▶ _What the exercise asks_:
Please transcribe the listing below in full and word for word, without its pictures.

▶ _Records supplied_:
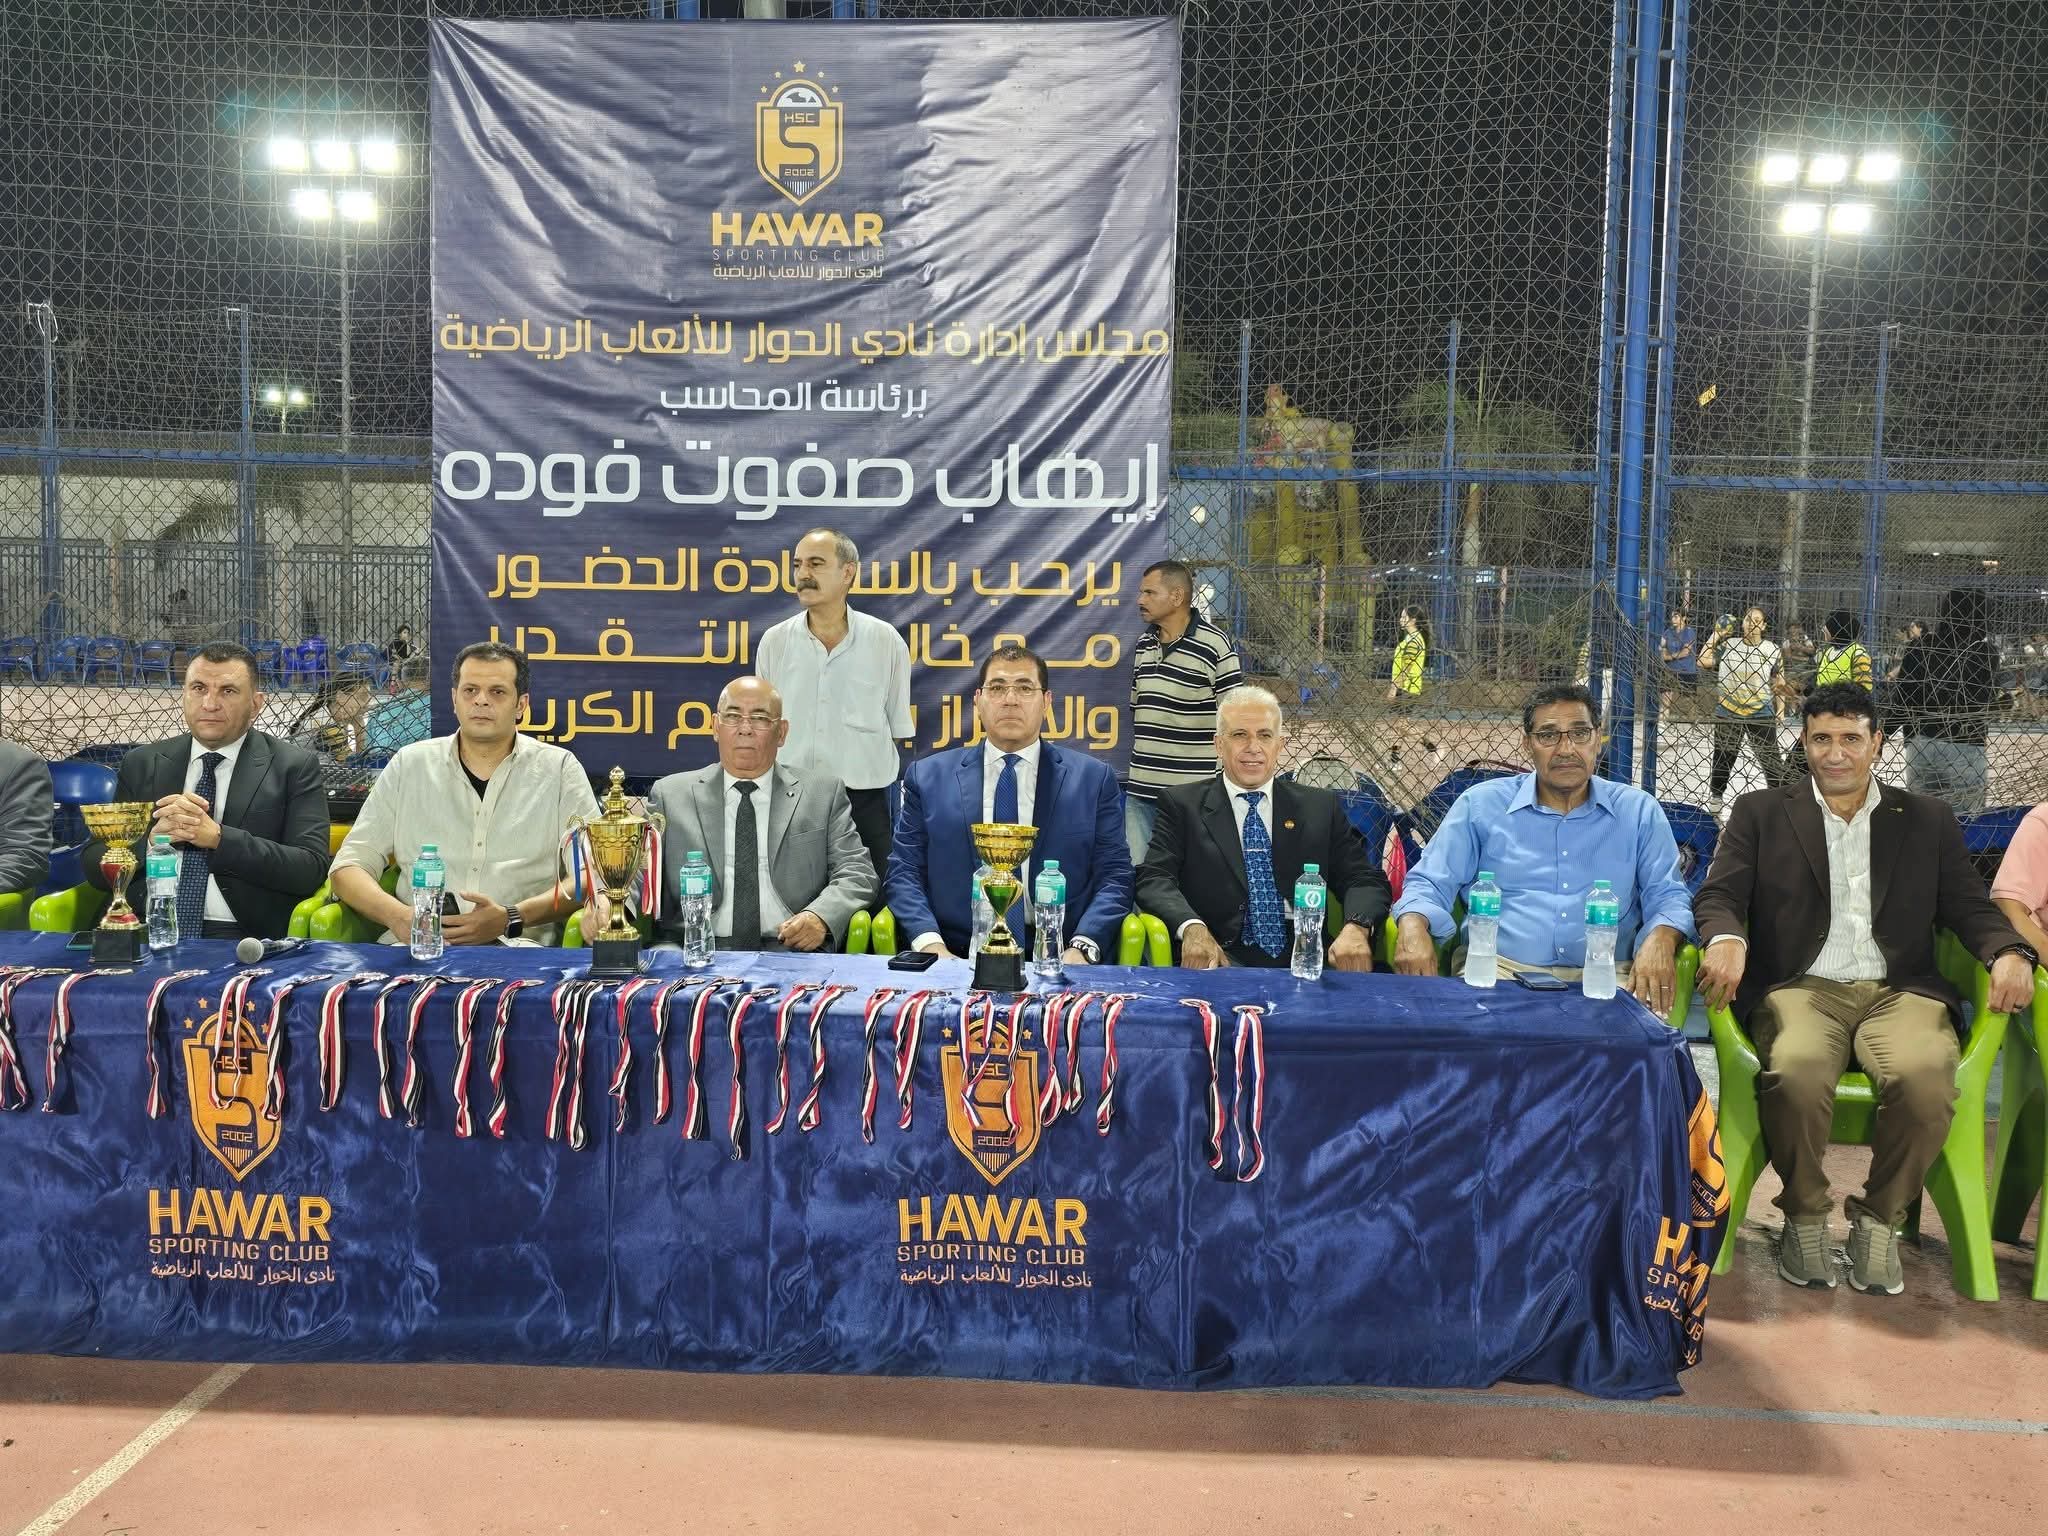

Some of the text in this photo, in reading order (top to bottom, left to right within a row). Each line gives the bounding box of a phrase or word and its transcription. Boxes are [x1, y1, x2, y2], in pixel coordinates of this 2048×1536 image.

[784, 113, 816, 123] HSC
[784, 168, 815, 177] 2002
[712, 212, 884, 247] HAWAR
[712, 249, 885, 263] SPORTING CLUB
[713, 263, 766, 281] الرياضية
[817, 265, 851, 281] الحوار
[440, 311, 1170, 365] مجلس إدارة نادي الحوار للألعاب الرياضية
[660, 379, 928, 418] برئاسة المحاسب
[440, 439, 1159, 523] إيهاب صفوت فوده
[488, 546, 699, 599] الحضور
[972, 559, 1122, 607] يرحب
[909, 623, 975, 667] خال
[221, 1130, 253, 1143] 2002
[977, 1135, 1010, 1147] 2002
[149, 1187, 332, 1242] HAWAR
[898, 1194, 1087, 1246] HAWAR
[149, 1237, 329, 1262] SPORTING CLUB
[897, 1243, 1085, 1265] SPORTING CLUB
[151, 1258, 201, 1279] الرياضية
[257, 1266, 301, 1286] الحوار
[900, 1263, 954, 1285] الرياضية
[1016, 1268, 1059, 1289] الحوار
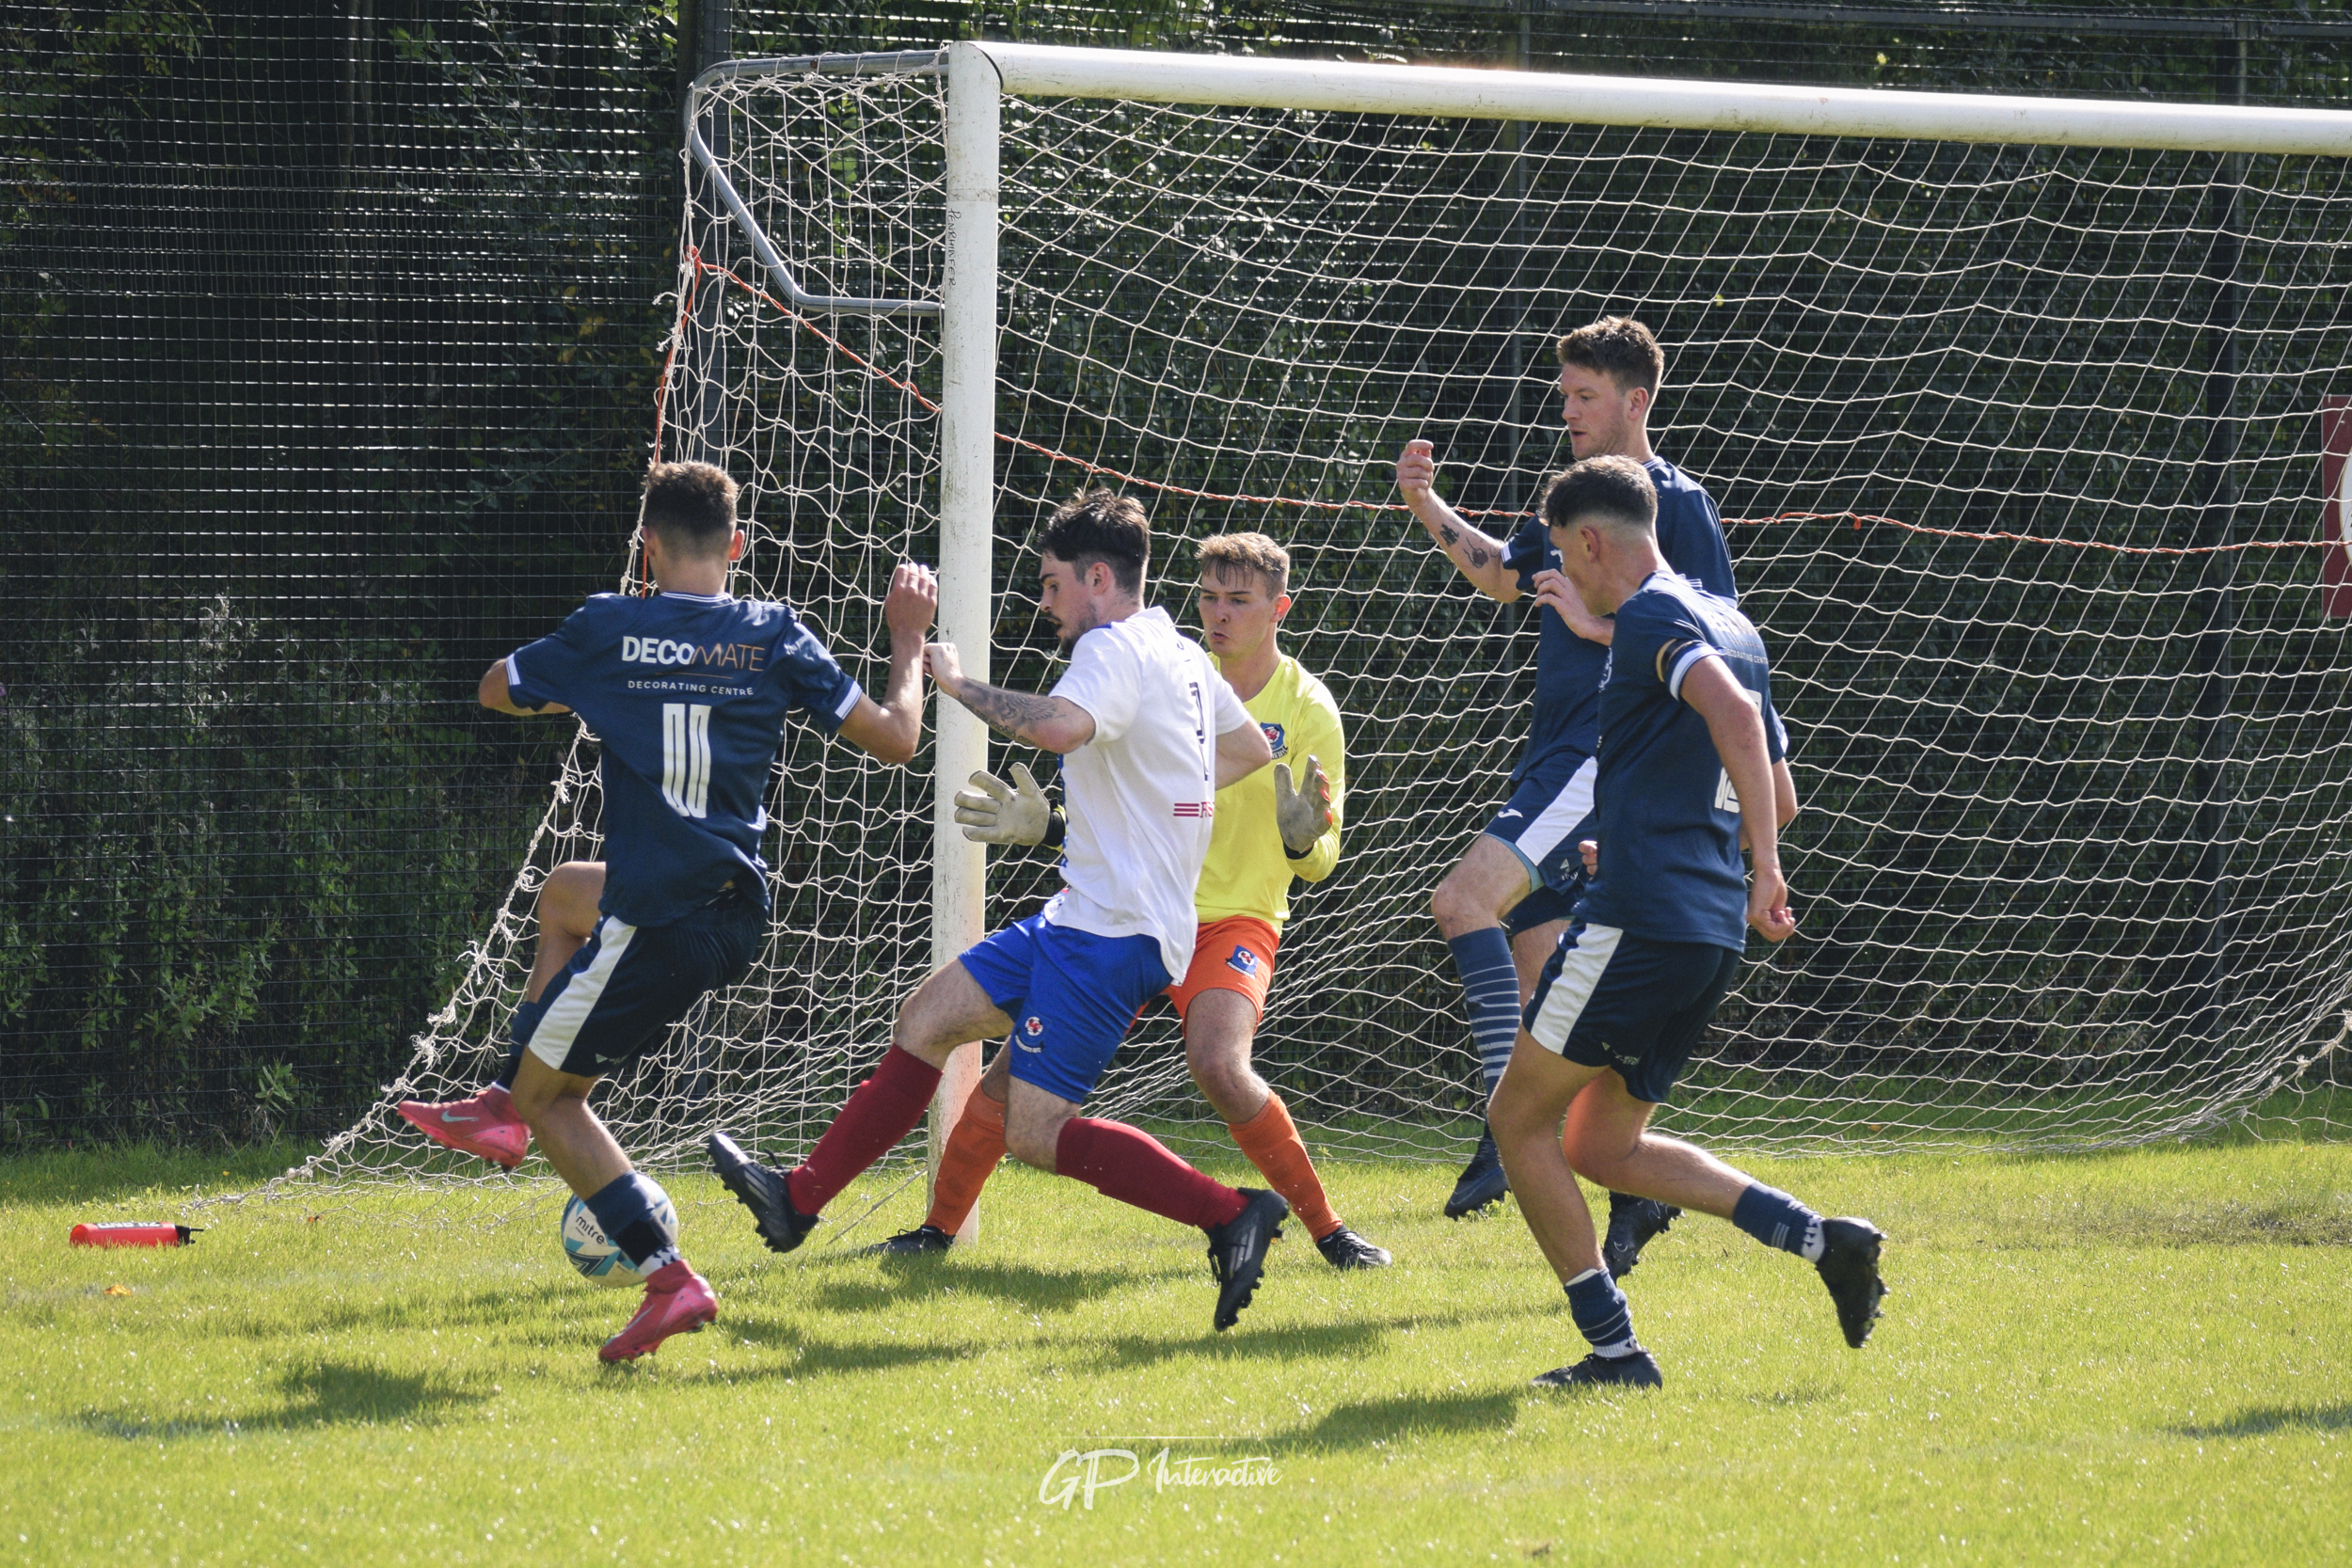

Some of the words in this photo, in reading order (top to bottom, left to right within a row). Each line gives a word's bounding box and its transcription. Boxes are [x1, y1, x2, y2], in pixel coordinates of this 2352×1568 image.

▶ _The completed task_:
Some of the text in this photo, in reading order (top to bottom, left to right within a row). Each line gives the bounding box of a phrase or word and its transcription. Boxes are [x1, y1, x2, y2], in pixel coordinates of this 2048×1536 image.

[784, 113, 816, 123] HSC
[784, 168, 815, 177] 2002
[712, 212, 884, 247] HAWAR
[712, 249, 885, 263] SPORTING CLUB
[713, 263, 766, 281] الرياضية
[817, 265, 851, 281] الحوار
[440, 311, 1170, 365] مجلس إدارة نادي الحوار للألعاب الرياضية
[660, 379, 928, 418] برئاسة المحاسب
[440, 439, 1159, 523] إيهاب صفوت فوده
[488, 546, 699, 599] الحضور
[972, 559, 1122, 607] يرحب
[909, 623, 975, 667] خال
[221, 1130, 253, 1143] 2002
[977, 1135, 1010, 1147] 2002
[149, 1187, 332, 1242] HAWAR
[898, 1194, 1087, 1246] HAWAR
[149, 1237, 329, 1262] SPORTING CLUB
[897, 1243, 1085, 1265] SPORTING CLUB
[151, 1258, 201, 1279] الرياضية
[257, 1266, 301, 1286] الحوار
[900, 1263, 954, 1285] الرياضية
[1016, 1268, 1059, 1289] الحوار

Some of the words in this photo, in reading order (top to bottom, left to right within a row). Each line gives a word's bounding box and its transcription. Boxes are [x1, y1, x2, y2], in pixel coordinates of this 2352×1568 image.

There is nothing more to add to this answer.